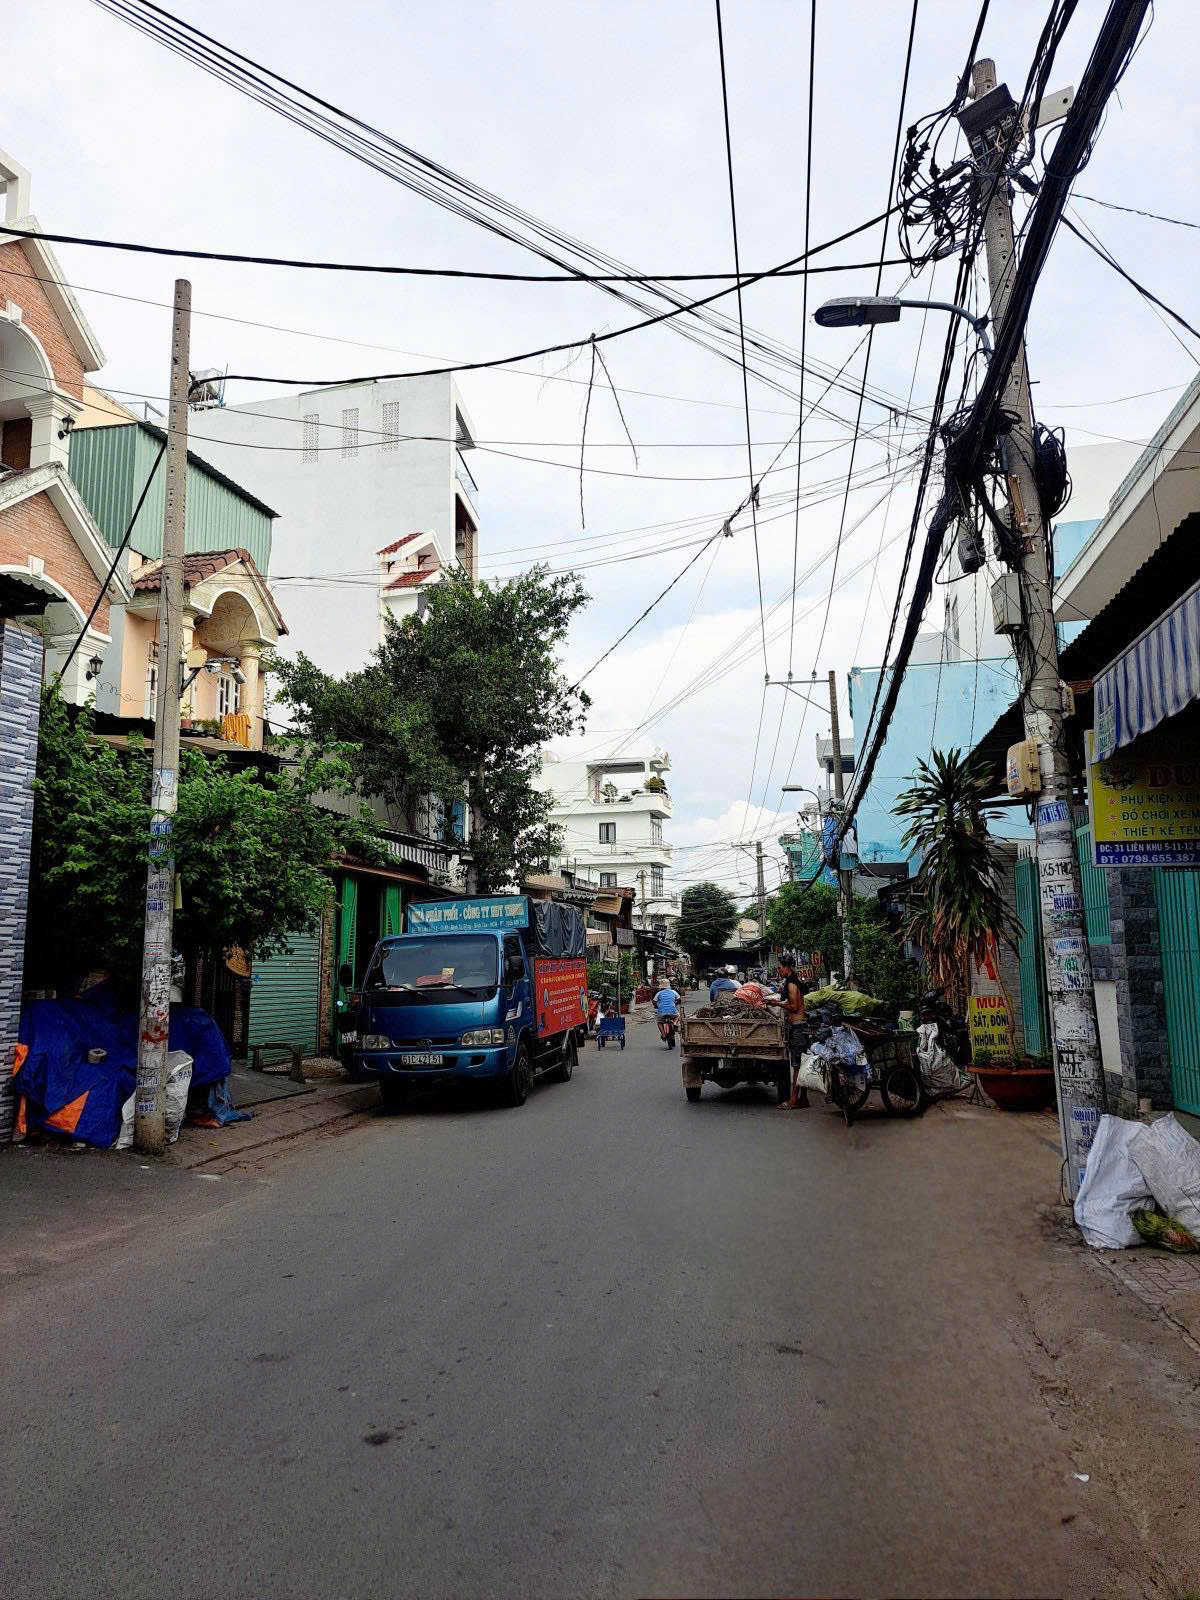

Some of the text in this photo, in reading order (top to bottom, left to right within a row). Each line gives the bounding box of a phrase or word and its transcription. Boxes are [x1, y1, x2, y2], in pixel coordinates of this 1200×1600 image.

[1122, 796, 1144, 805] PHỤ
[1143, 810, 1169, 820] CHƠI
[1174, 810, 1190, 818] XE
[1123, 824, 1154, 836] THIẾT
[1160, 823, 1176, 835] KẾ
[1099, 844, 1113, 853] ĐC:
[1114, 844, 1124, 852] 31
[1126, 842, 1145, 852] LIÊN
[1146, 843, 1162, 852] KHU
[1100, 853, 1196, 864] ĐT: 0798.655.387
[976, 996, 1006, 1009] MUA

Exercise requirements
Write out all the entries precisely as given, omitting each image.

Task answer
Some of the text in this photo, in reading order (top to bottom, left to right within a row). Each line gives the bounding box of a phrase or word and its transcription. Boxes are [x1, y1, x2, y2], in pixel coordinates of this 1200×1600 image.

[1122, 796, 1144, 805] PHỤ
[1143, 810, 1169, 820] CHƠI
[1174, 810, 1190, 818] XE
[1123, 824, 1154, 836] THIẾT
[1160, 823, 1176, 835] KẾ
[1099, 844, 1113, 853] ĐC:
[1114, 844, 1124, 852] 31
[1126, 842, 1145, 852] LIÊN
[1146, 843, 1162, 852] KHU
[1100, 853, 1196, 864] ĐT: 0798.655.387
[976, 996, 1006, 1009] MUA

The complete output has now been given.